Give back every entry precisely as written, without any of the images.

■ ■ ■

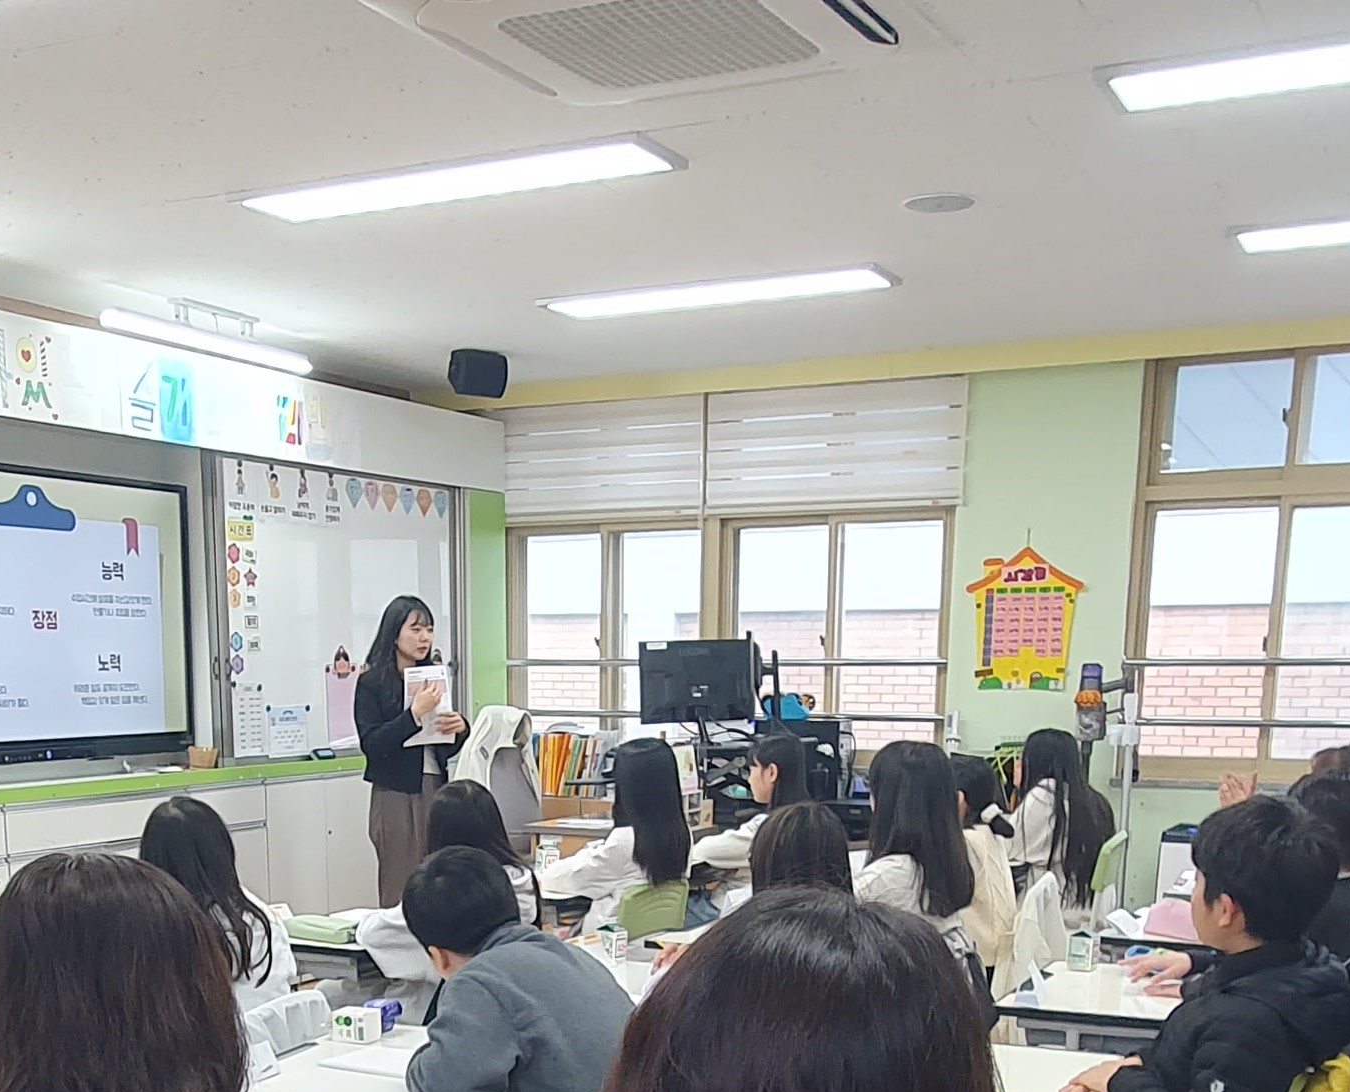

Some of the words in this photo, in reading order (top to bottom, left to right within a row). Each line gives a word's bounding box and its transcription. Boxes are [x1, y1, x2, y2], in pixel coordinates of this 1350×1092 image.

[230, 525, 252, 536] 시간표
[101, 561, 124, 581] 능력
[32, 610, 58, 630] 장점
[98, 654, 121, 672] 노력
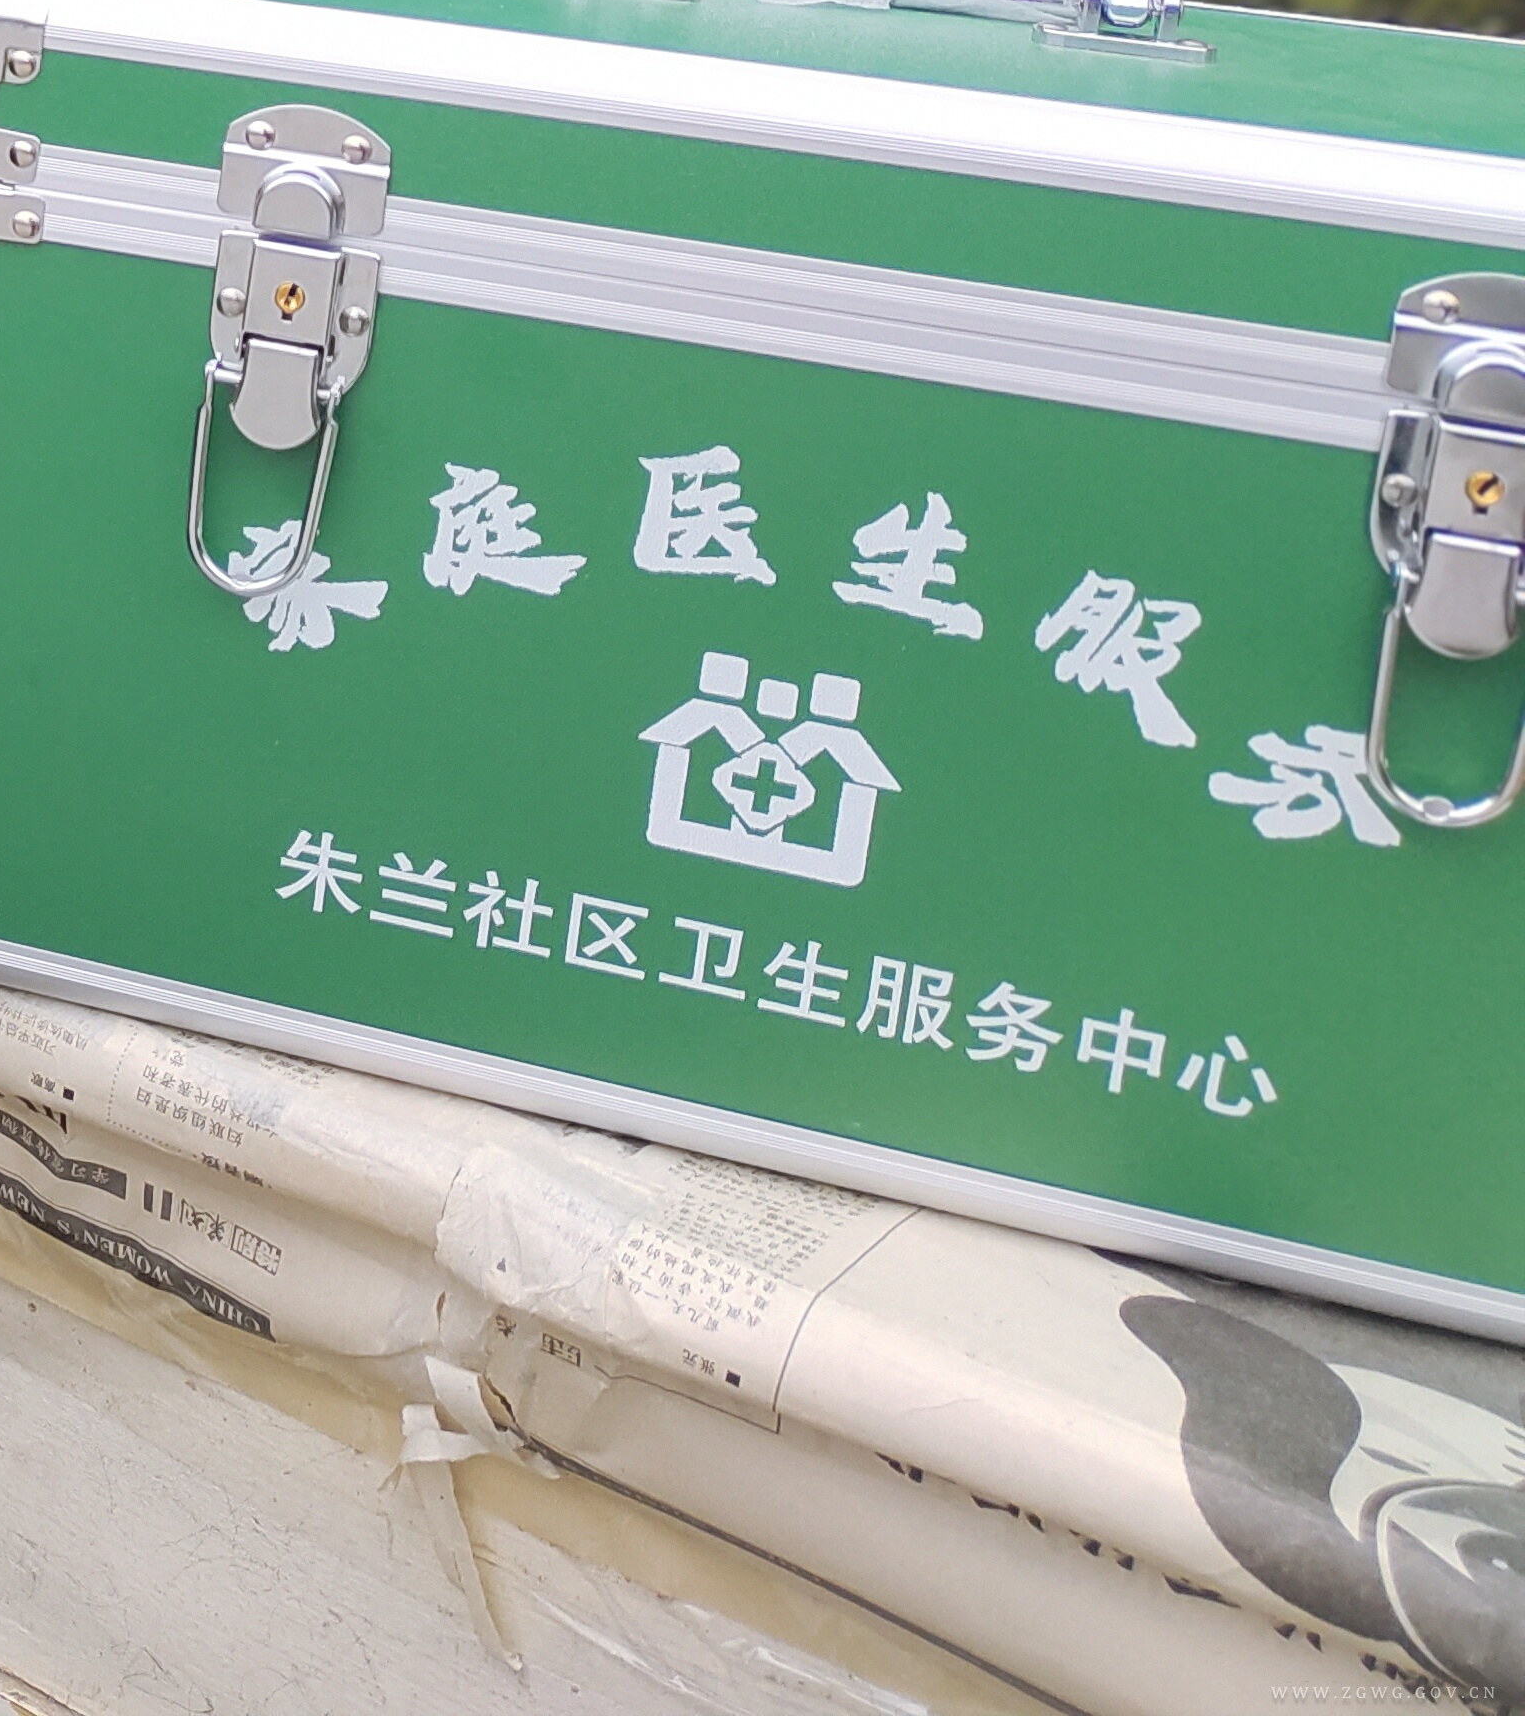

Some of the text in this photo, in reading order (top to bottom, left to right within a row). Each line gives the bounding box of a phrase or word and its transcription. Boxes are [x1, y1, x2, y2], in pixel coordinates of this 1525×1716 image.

[230, 446, 1405, 846] 家庭医生服务
[276, 830, 1280, 1120] 朱兰社区卫生服务中心
[27, 1070, 58, 1094] 高歌
[133, 1087, 244, 1148] 妇联组织是妇
[55, 1216, 175, 1286] WOMEN'S
[179, 1195, 282, 1276] 特别策划
[185, 1275, 263, 1336] CHINA
[680, 1347, 718, 1376] 张元
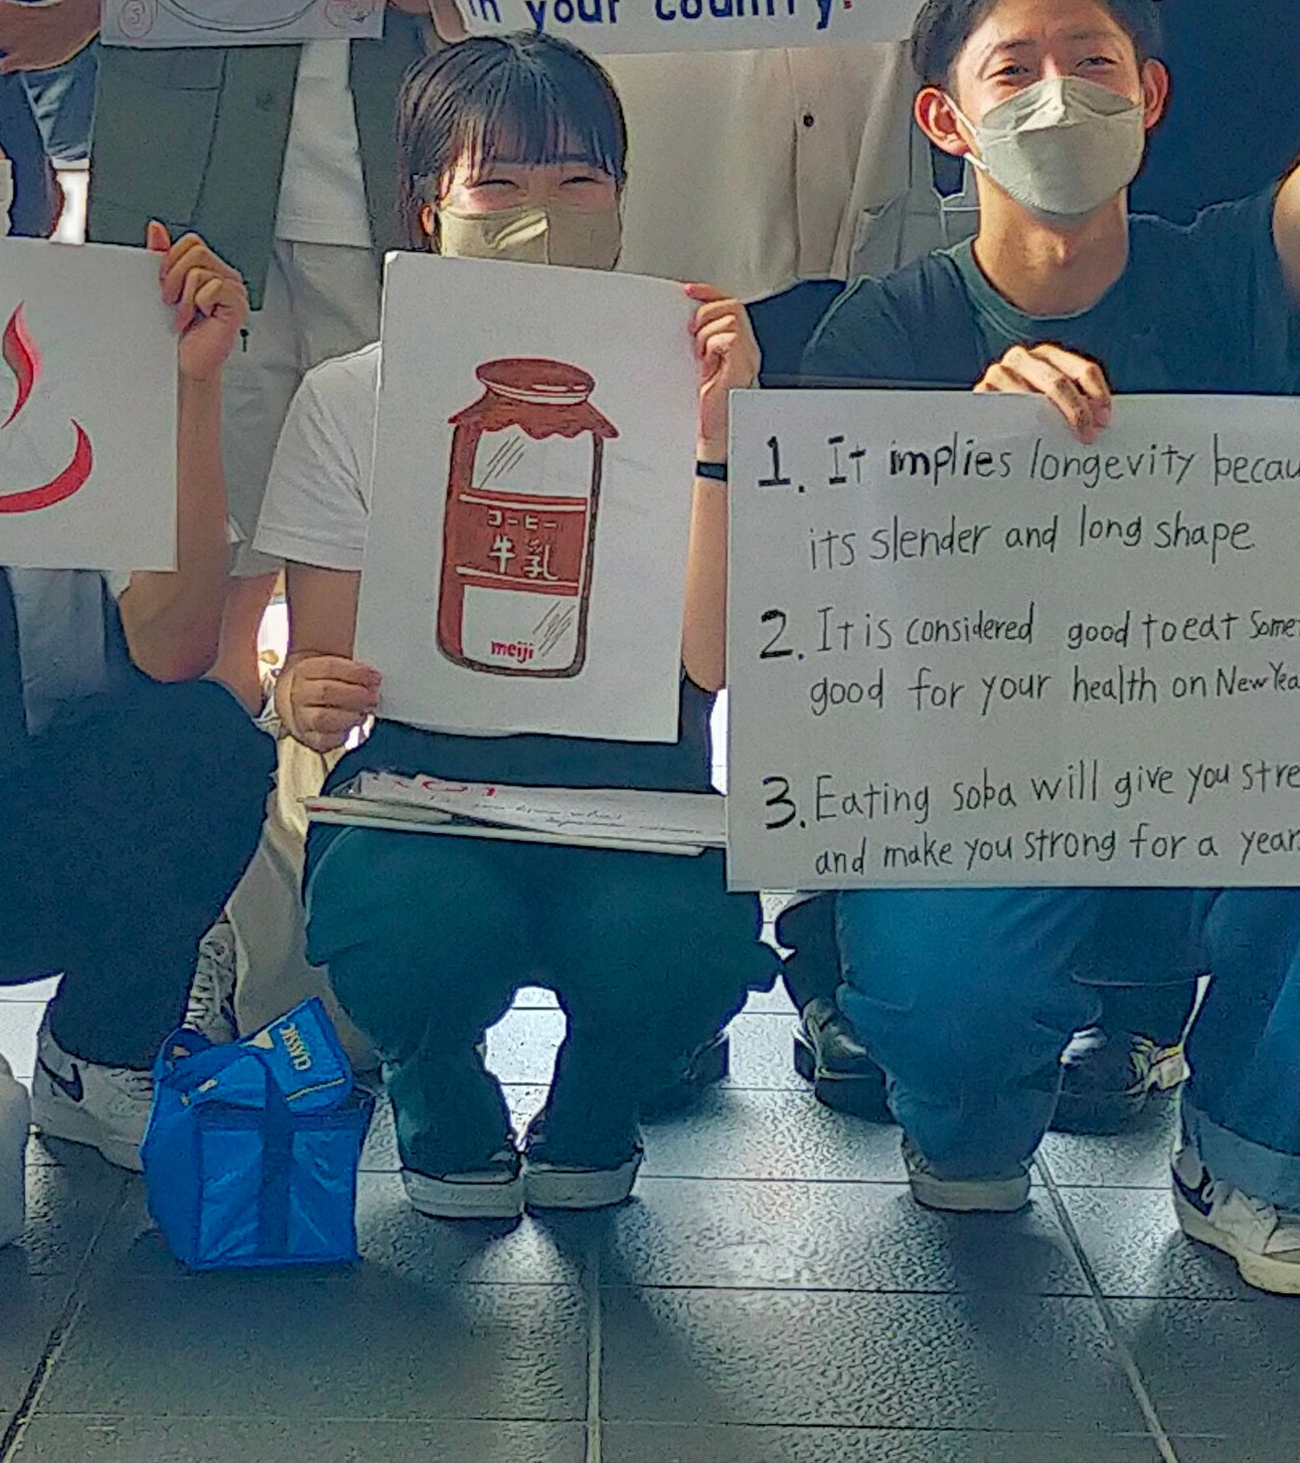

■ ■ ■

RESPONSE AREA:
Some of the words in this photo, in reading order (top to bottom, left to right within a row). Each line gives a word's bounding box and its transcription. Boxes are [x1, y1, x2, y2], in pixel coordinates of this 1350×1092 image.

[230, 525, 252, 536] 시간표
[101, 561, 124, 581] 능력
[32, 610, 58, 630] 장점
[98, 654, 121, 672] 노력

Some of the text in this photo, in reading order (top to bottom, left to right within a row). Each line gives the bounding box of a phrase or word and its transcription. Boxes are [x1, y1, x2, y2], in pixel coordinates of this 1525×1716 image.

[230, 446, 1405, 846] 家庭医生服务
[276, 830, 1280, 1120] 朱兰社区卫生服务中心
[27, 1070, 58, 1094] 高歌
[133, 1087, 244, 1148] 妇联组织是妇
[55, 1216, 175, 1286] WOMEN'S
[179, 1195, 282, 1276] 特别策划
[185, 1275, 263, 1336] CHINA
[680, 1347, 718, 1376] 张元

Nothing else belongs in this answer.